"We're forty miles from where we should be," he said as the boys gathered around him, "Sure neither of you boys made a mistake in the course last night?"
"Sure," declared both lads positively.
The four puzzled over the strange situation in silence for several minutes. Then the captain with his knife loosened the screws and removed the compass' face of glass.
"I wonder how that got there," he suddenly exclaimed.
Cunningly placed, so as to draw the magnetic needle West of North was a small bright iron nail.
"It couldn't have got there by itself," Charley declared, excitedly. "It must have been put there by someone while we were all at supper last night."
"I guess there is no doubt as to who that someone was," with an inclination of his head towards Manuel who, standing a little ways off was watching them closely.
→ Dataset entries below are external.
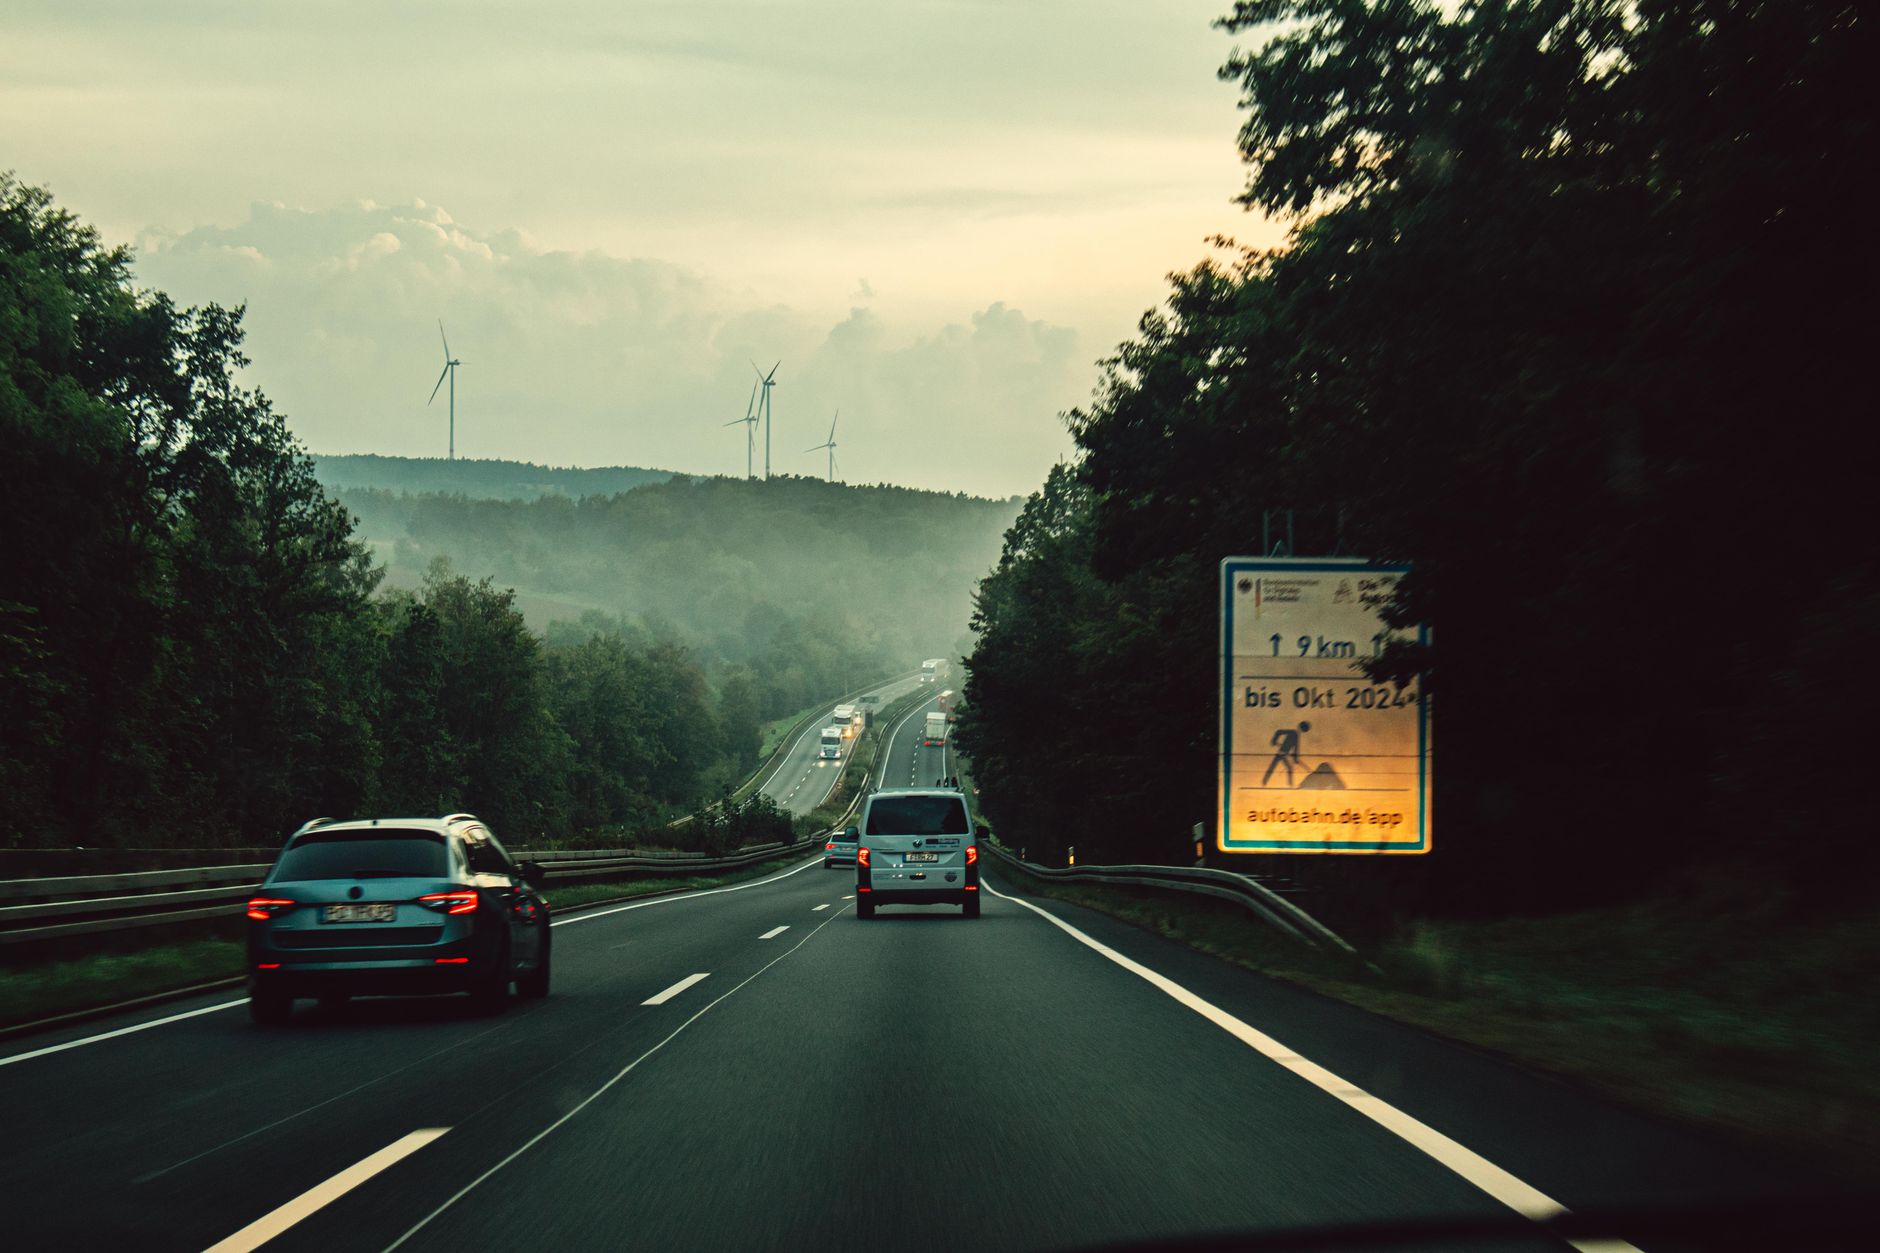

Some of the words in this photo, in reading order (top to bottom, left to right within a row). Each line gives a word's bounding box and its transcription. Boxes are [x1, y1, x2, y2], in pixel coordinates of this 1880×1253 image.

[1297, 635, 1313, 657] 9
[1316, 635, 1357, 658] km
[1245, 686, 1282, 708] bis
[1293, 686, 1336, 708] Okt
[1346, 687, 1403, 709] 2024
The Greek, as soon as he saw the attention he was receiving, turned and strolled carelessly forward.
The captain pondered gravely, "I don't see what his object was," he said, at last. "If we held on that course long it would only have carried us further out into the Gulf, so he couldn't have been aiming to get us wrecked."
"He planned to get us separated from the fleet," Charley declared. "Do you think we could find it again, captain?"
The old sailor shook his head. "There's no telling where we are now," he said, gloomily, "we might hunt for days without coming across them. If that fellow did put that nail there to make us lose them, he's succeeded all right."